Work instructions – Please give back each entry below unaltered, leaving the pictures out.

Supplied material –
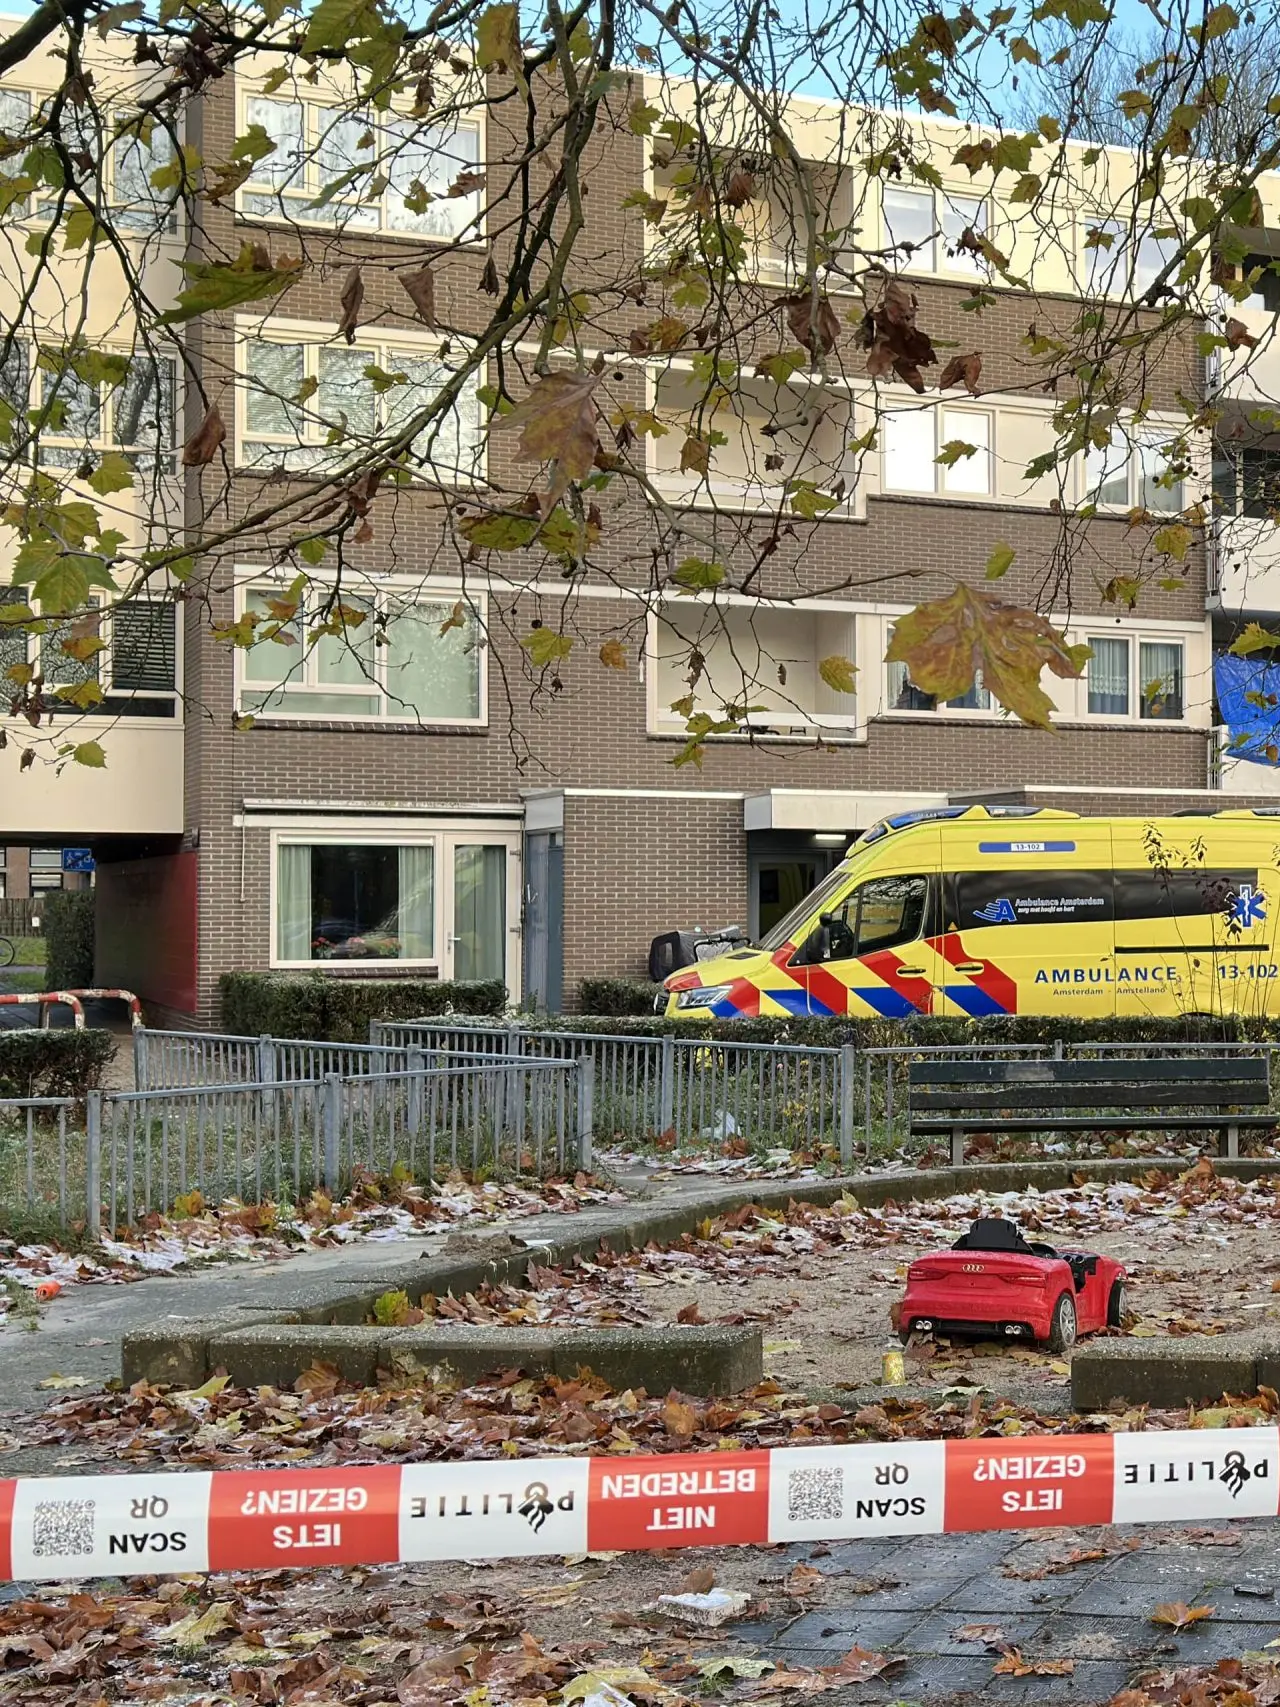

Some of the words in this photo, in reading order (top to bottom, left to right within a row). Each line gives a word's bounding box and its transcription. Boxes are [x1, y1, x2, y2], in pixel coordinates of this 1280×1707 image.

[1016, 843, 1040, 851] 13-102
[1015, 897, 1059, 907] Ambulance
[1060, 896, 1104, 906] Amsterdam
[1034, 966, 1177, 984] AMBULANCE
[1218, 964, 1279, 979] 13-102
[1053, 988, 1104, 996] Amsterdam
[1116, 985, 1166, 995] Amstelland
[874, 1462, 909, 1486] QR
[973, 1454, 1086, 1482] GEZIEN?
[601, 1468, 756, 1499] BETREDEN
[130, 1495, 168, 1519] QR
[240, 1487, 367, 1515] GEZIEN?
[856, 1498, 926, 1518] SCAN
[1002, 1489, 1063, 1513] IETS
[646, 1506, 715, 1531] NIET
[109, 1532, 187, 1554] SCAN
[273, 1524, 341, 1549] IETS

Solution to this problem –
Some of the words in this photo, in reading order (top to bottom, left to right within a row). Each line gives a word's bounding box and its transcription. Boxes are [x1, y1, x2, y2], in pixel coordinates of this 1280×1707 image.

[1016, 843, 1040, 851] 13-102
[1015, 897, 1059, 907] Ambulance
[1060, 896, 1104, 906] Amsterdam
[1034, 966, 1177, 984] AMBULANCE
[1218, 964, 1279, 979] 13-102
[1053, 988, 1104, 996] Amsterdam
[1116, 985, 1166, 995] Amstelland
[874, 1462, 909, 1486] QR
[973, 1454, 1086, 1482] GEZIEN?
[601, 1468, 756, 1499] BETREDEN
[130, 1495, 168, 1519] QR
[240, 1487, 367, 1515] GEZIEN?
[856, 1498, 926, 1518] SCAN
[1002, 1489, 1063, 1513] IETS
[646, 1506, 715, 1531] NIET
[109, 1532, 187, 1554] SCAN
[273, 1524, 341, 1549] IETS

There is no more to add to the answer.